_INSTRUCTIONS FOR THE TASK_. Please output the listing exactly as it stands, but omit any images.

** RECORDS FOR THE EXERCISE follows **

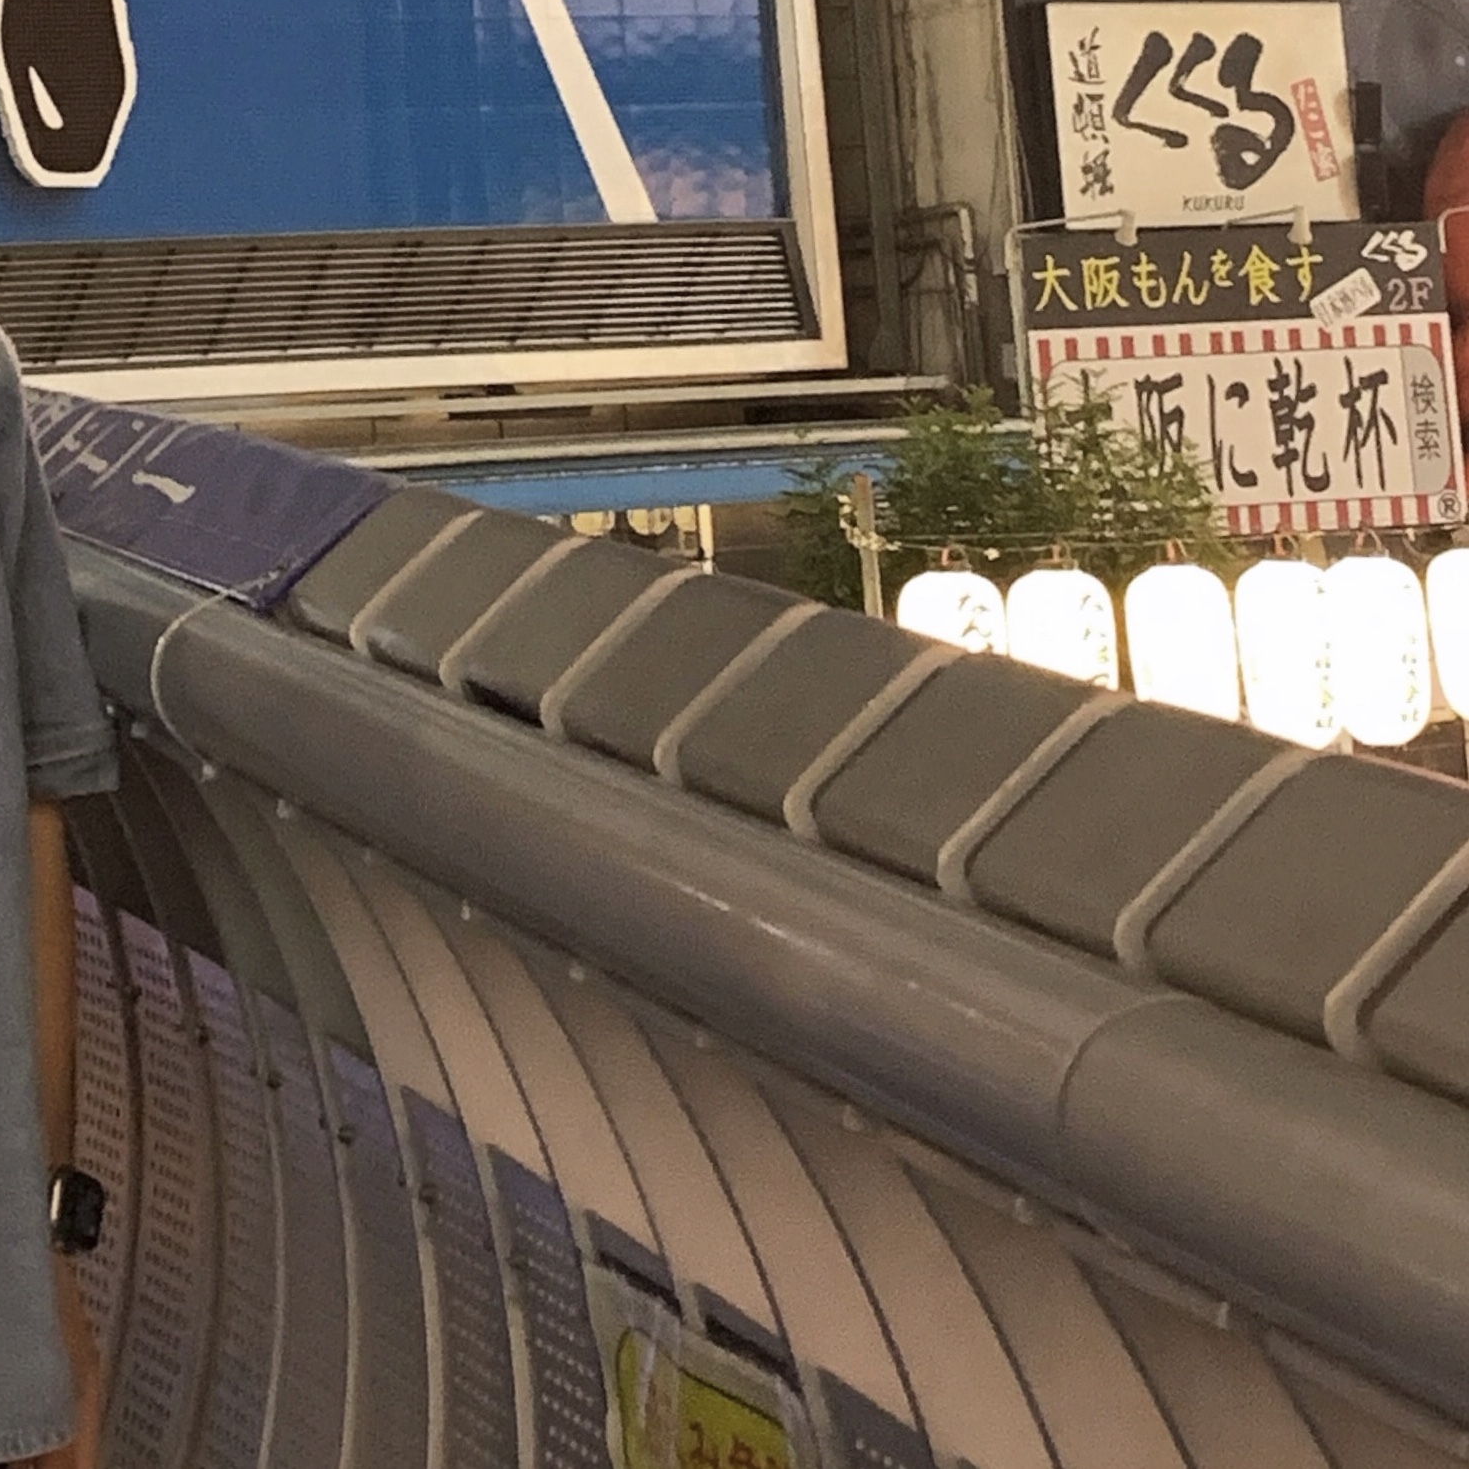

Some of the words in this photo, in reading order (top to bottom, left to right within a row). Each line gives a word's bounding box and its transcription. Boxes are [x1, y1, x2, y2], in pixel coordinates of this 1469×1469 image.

[1112, 31, 1295, 190] くくる
[1182, 195, 1245, 213] KUKURU
[1033, 244, 1324, 312] 大阪もんを食す
[1387, 277, 1432, 312] 2F
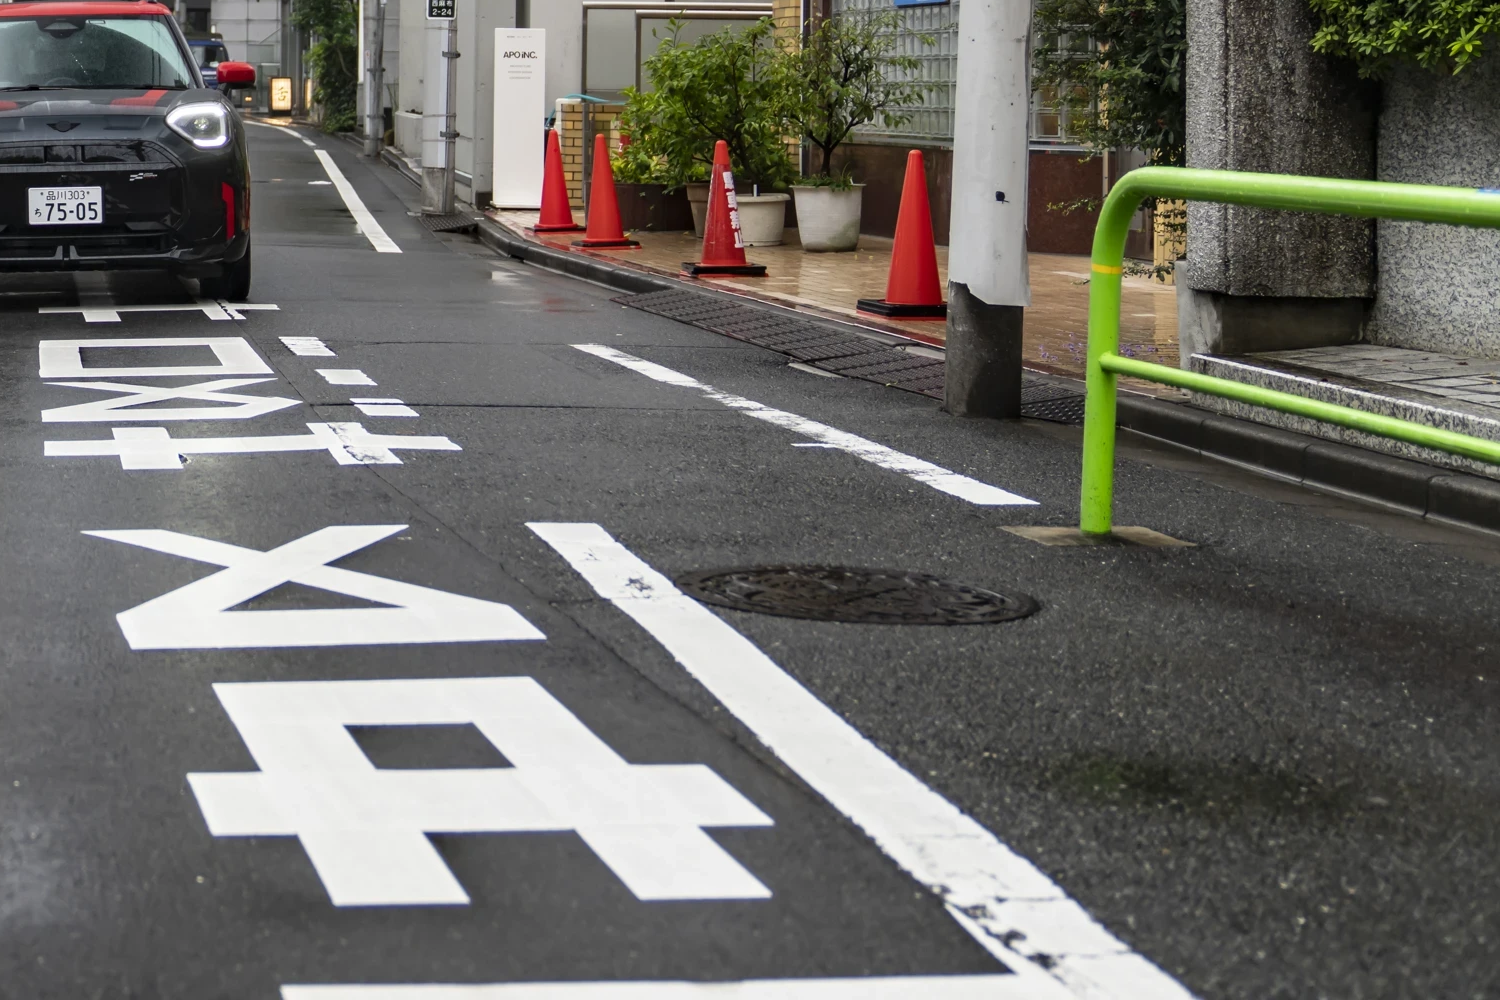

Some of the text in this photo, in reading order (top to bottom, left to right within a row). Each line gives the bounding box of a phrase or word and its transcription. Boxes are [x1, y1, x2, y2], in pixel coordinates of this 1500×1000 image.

** End of RECORDS FOR THE EXERCISE **

_EXPECTED ANSWER_.
Some of the words in this photo, in reading order (top to bottom, left to right within a row). Each line gives a word's bounding box and its transcription. Boxes are [x1, y1, x2, y2], in pixel coordinates of this 1469×1469 image.

[1112, 31, 1295, 190] くくる
[1182, 195, 1245, 213] KUKURU
[1033, 244, 1324, 312] 大阪もんを食す
[1387, 277, 1432, 312] 2F

Some of the text in this photo, in reading order (top to bottom, left to right within a row). Each line gives the bounding box of a phrase or word and its transcription. Boxes are [x1, y1, x2, y2], in pixel coordinates of this 1500×1000 image.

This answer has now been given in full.